Velasquez’s bid for a minor nobility,

          but artist and king soon dead, the girl at twenty-three,

worn out by seven royal births. My terrariums

          rarely lasted more than a week or so—too much sun,

not enough. A nine-year-old god’s rattletrap world takes

          the pesky second law of thermodynamics

and runs with it into a quantum universe thick


with biospheres, communes, ashrams, and parallel worlds

          splitting off with each second, a universe unfurled

like the arms of Kali, the Hindu goddess of death

          or transformation, every moment a little death

or pirouette into another Balanchine dream

          or nightmare, depending on your point of view. It seems

a perfect world must hide in all this teeming being,

          that midsummer’s afternoon, phlox and jasmine blooming,

where fathers didn’t miss their chance looking for fool’s gold,

          or can it be this gaudy world with its missed trains, real

estate deals gone bad, children clamoring for more than

          one woman can give them, splintered by a glittering sun,

more glorious than any king and his starry crown.



Flesh, Bone, and Red


Looking at Rubens’s panels for Marie de Medicis

          in the Louvre with Stuart, whom my husband

calls Maria Stuarda for no other reason

          than the Italian rolls off his tongue

so sweetly and I think of how he wooed me

          with a barrage of words so cunningly fluent,

so linguistically adroit, I was caught like a dragonfly

          in a spider’s web, a delicious death,

but here we are older and not particularly wiser

          in Paris, and Stuart is walking with one boot off

because of arthritis in her foot, and my big toe

          aches intermittently from a dance injury,

and I carry the x-ray with me, if for nothing else

          to contemplate the beauty of my bones,

all twenty six, delicately rigged,

          somehow more elegant than the foot itself,

and Stuart is explaining Rubens’s genius,

          how his choice to separate the two cheeks

of a demi-goddess’s buttocks with brick red instead of black

          is glorious, and this room in the former palace

looks like nothing so much as an opera set,

          home of the Scottish princess, red-haired beauty

of Brodsky’s poems, but now ensconced in Verdi’s opera,

          beheaded by her rival for the English throne,

and sometimes my toe hurts so much I want to cut it off,

          the little I know about blood saving me,

and wine seems to dull the pain so we limp

          through the bitter night to a little restaurant

in the Marais, order a feast, and toast ourselves

          again and again with glasses of rough Corsican red,

though Stuart and I can’t stop talking about the flesh

          of Rubens’s women, its rosiness, its amplitude,

our own bodies growing thicker, more regal with age,

          the glory of youth passing like a runaway train

as we sit in a field of poppies, meal spread

          on blankets, bottles of champagne, paté,

long bayonets of bread, grapes like mermaids tears,

          with each morsel making our bodies as Rubens

painted his queens, blue by flesh by stroke by red.

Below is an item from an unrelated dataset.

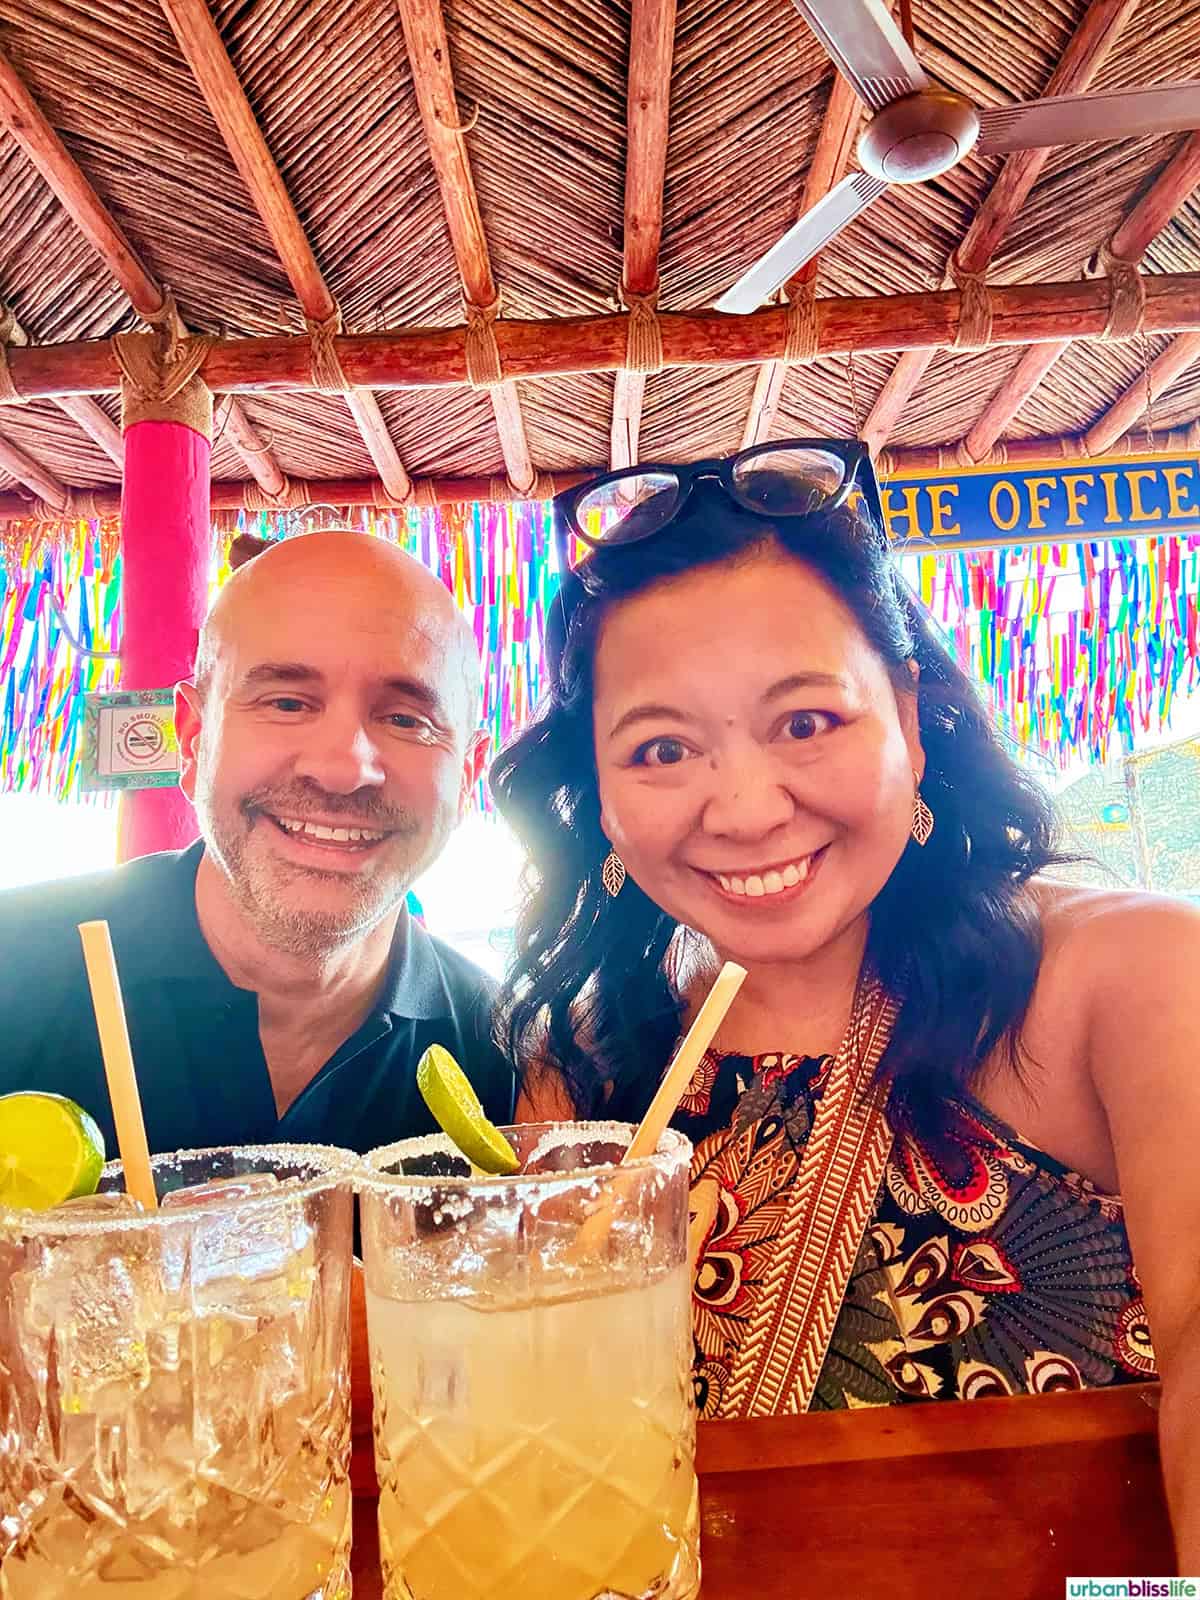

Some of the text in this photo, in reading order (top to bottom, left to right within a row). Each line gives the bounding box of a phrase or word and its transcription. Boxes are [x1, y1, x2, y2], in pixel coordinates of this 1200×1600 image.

[989, 467, 1198, 531] OFFICE
[118, 713, 170, 734] NO SMOKIN

Barbara Hamby has two books of poetry: Delirium (University of North Texas, 1995) and The Alphabet of Desire (New York University Press). Her third book, Babel, won the 2003 AWP/Donald Hall Prize and will be published next year by the University of Pittsburgh Press. She has work forthcoming in the Paris Review, Western Humanities Review, Boulevard, Indiana Review, and the Yale Review.